Department of Neurology, Division of Cognitive and Motor Aging, Albert Einstein College of Medicine, Yeshiva University, Bronx, NY, USA; Department of Medicine, Division of Geriatrics, Albert Einstein College of Medicine, Yeshiva University, Bronx, NY, USA.
Neurophysiol Clin. 2018 Dec;48(6):337-359. doi: 10.1016/j.neucli.2018.10.004. Epub 2018 Oct 25.

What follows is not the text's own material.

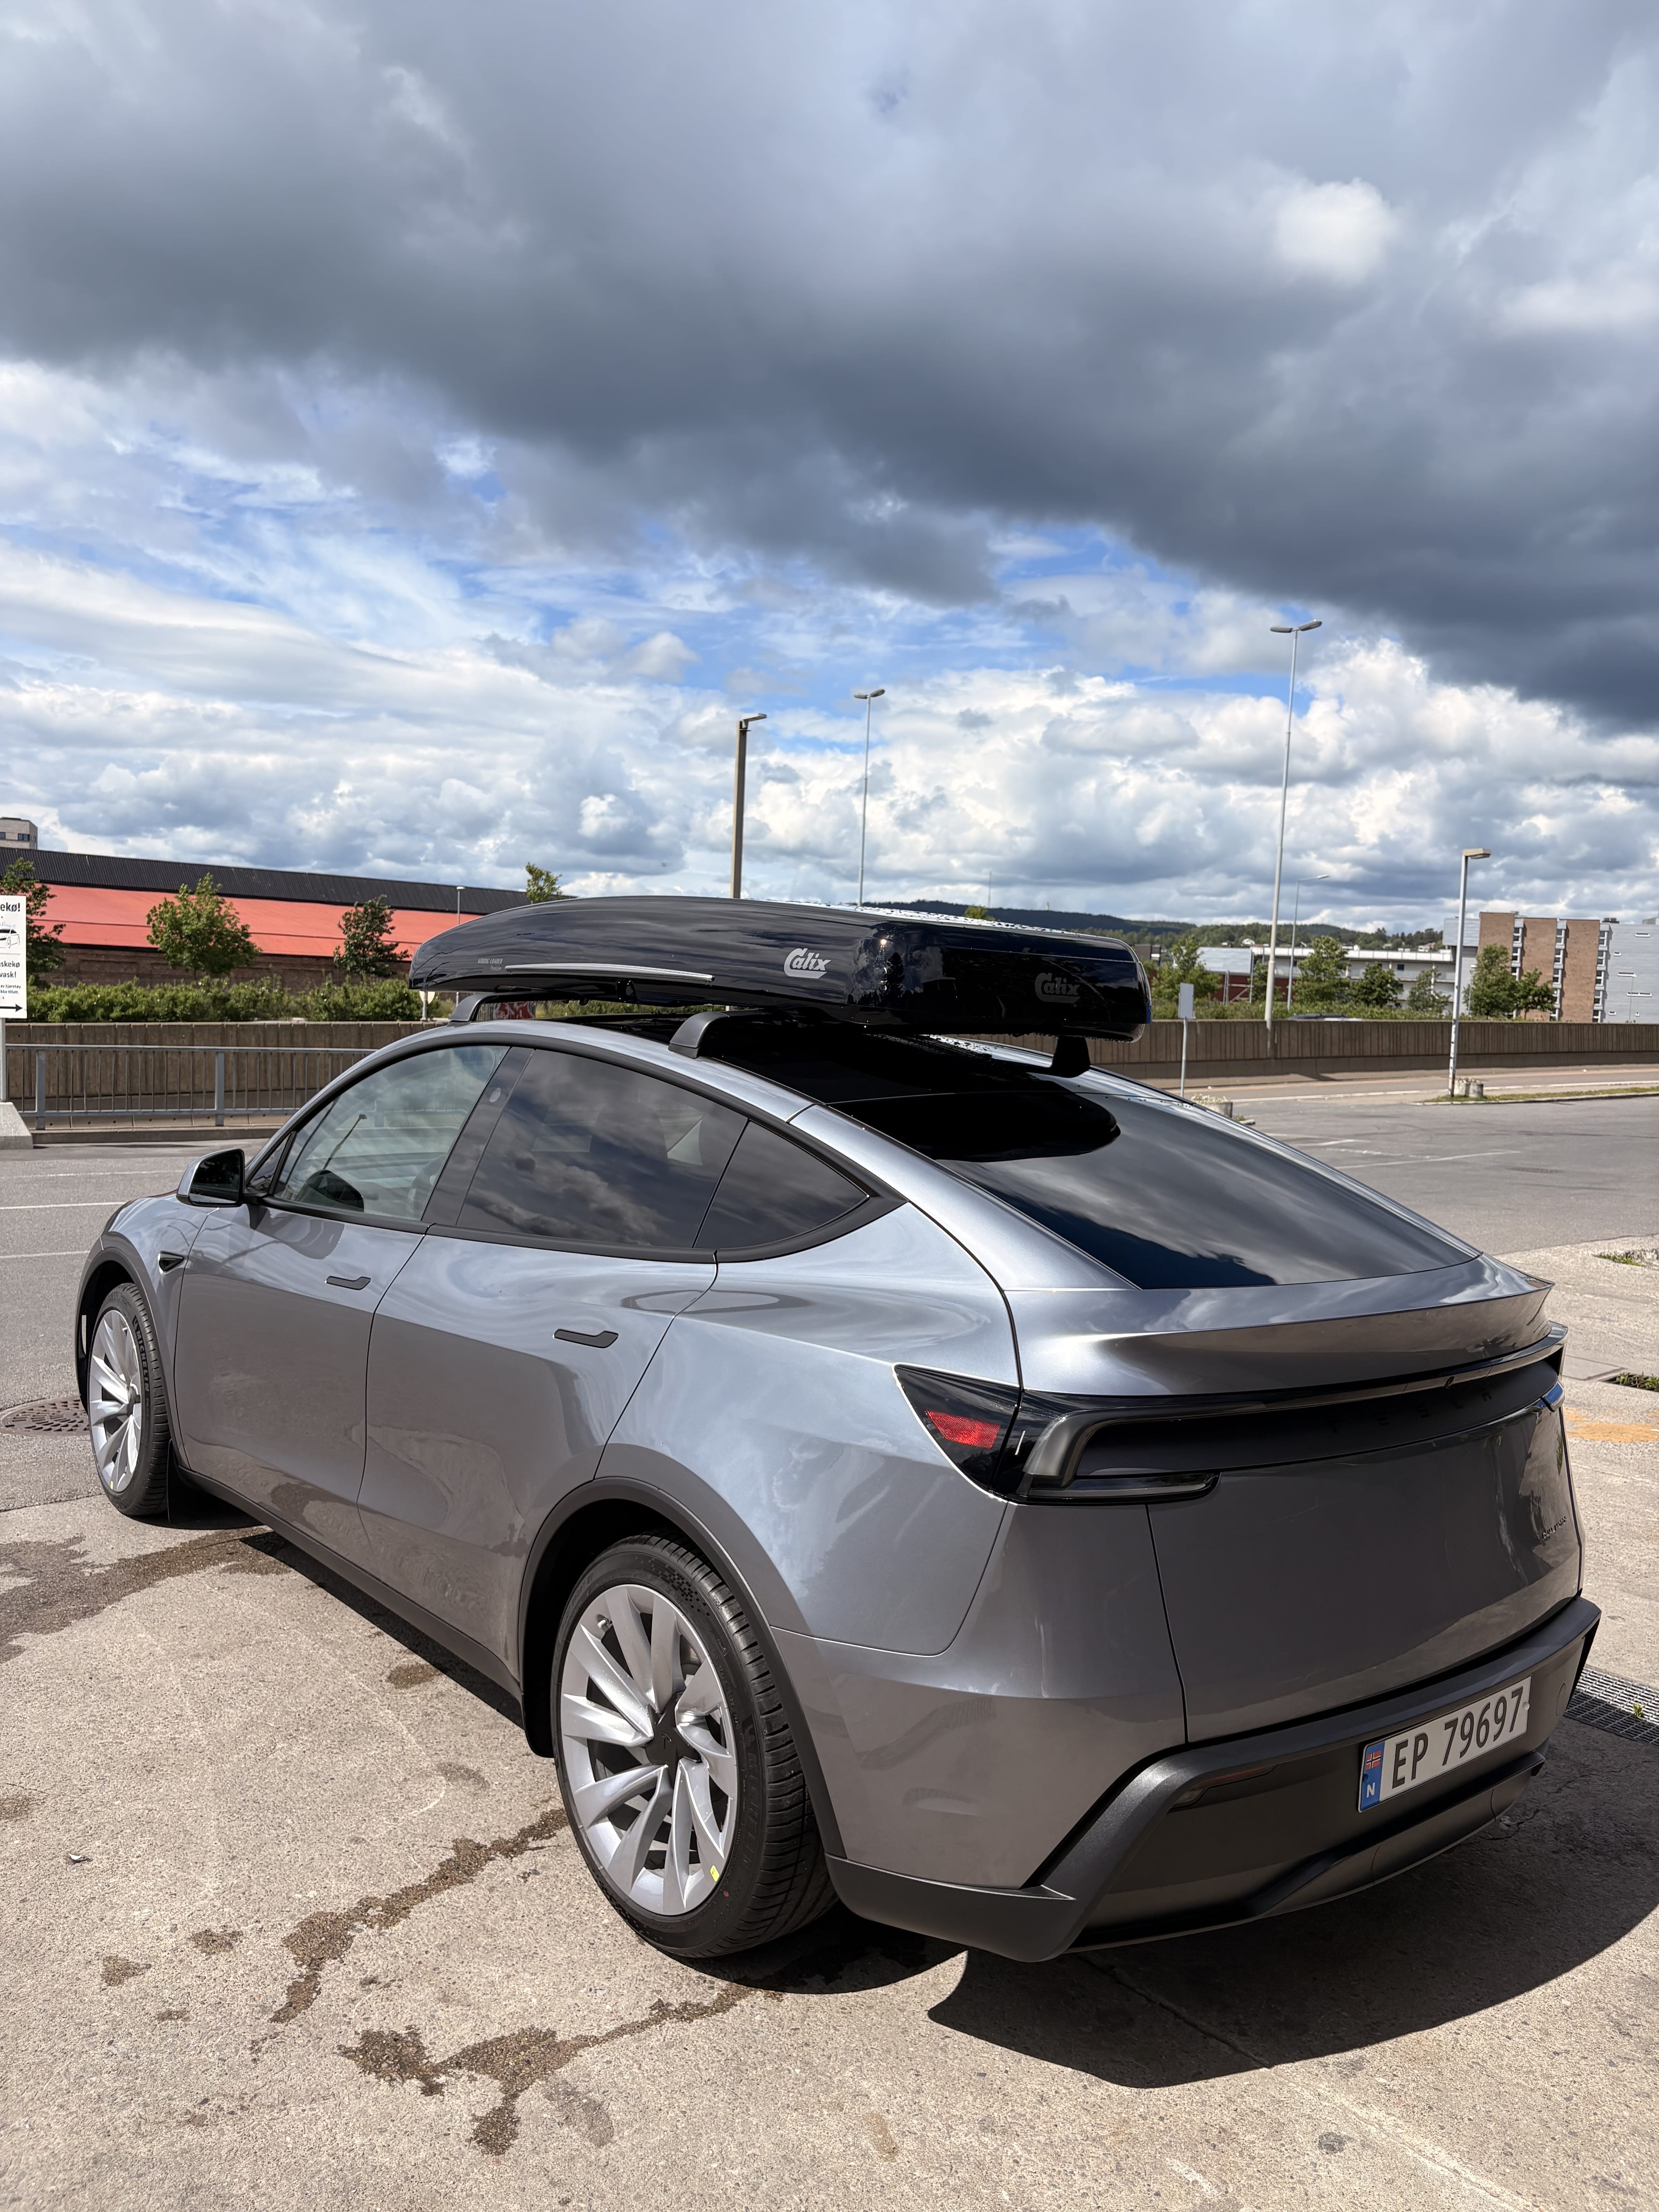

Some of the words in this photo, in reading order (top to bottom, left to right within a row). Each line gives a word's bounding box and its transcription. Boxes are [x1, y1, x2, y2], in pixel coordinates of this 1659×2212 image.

Impaired locomotion is a frequent and major source of disability in patients with neurological conditions. Different neuroimaging methods have been used to understand the brain substrates of locomotion in various neurological diseases (mainly in Parkinson's disease) during actual walking, and while resting (using mental imagery of gait, or brain-behavior correlation analyses). These studies, using structural (i.e., MRI) or functional (i.e., functional MRI or functional near infra-red spectroscopy) brain imaging, electrophysiology (i.e., EEG), non-invasive brain stimulation (i.e., transcranial magnetic stimulation, or transcranial direct current stimulation) or molecular imaging methods (i.e., PET, or SPECT) reveal extended brain networks involving both grey and white matters in key cortical (i.e., prefrontal cortex) and subcortical (basal ganglia and cerebellum) regions associated with locomotion. However, the specific roles of the various pathophysiological mechanisms encountered in each neurological condition on the phenotype of gait disorders still remains unclear. After reviewing the results of individual brain imaging techniques across the common neurological conditions, such as Parkinson's disease, dementia, stroke, or multiple sclerosis, we will discuss how the development of new imaging techniques and computational analyses that integrate multivariate correlations in "large enough datasets" might help to understand how individual pathophysiological mechanisms express clinically as an abnormal gait. Finally, we will explore how these new analytic methods could drive our rehabilitative strategies.
运动障碍是神经系统疾病患者经常出现的主要致残原因。为了在实际行走和静息状态下(通过步态想象或脑-行为相关分析)了解不同神经疾病(主要是帕金森病)中的运动大脑基础,已经使用了不同的神经影像学方法。这些研究使用结构(例如 MRI)或功能(例如 fMRI 或功能近红外光谱)脑成像、电生理学(例如 EEG)、非侵入性脑刺激(例如经颅磁刺激或经颅直流电刺激)或分子成像方法(例如 PET 或 SPECT),揭示了涉及关键皮质(例如前额叶皮质)和皮质下区域(基底节和小脑)的广泛脑网络与运动有关。然而,每种神经疾病中遇到的各种病理生理机制对步态障碍表型的具体作用仍不清楚。在回顾了常见神经疾病(如帕金森病、痴呆、中风或多发性硬化症)中各种脑成像技术的结果后,我们将讨论如何通过开发新的成像技术和计算分析来整合“足够大的数据集”中的多元相关性,以帮助了解个体病理生理机制如何在临床上表现为异常步态。最后,我们将探讨这些新的分析方法如何推动我们的康复策略。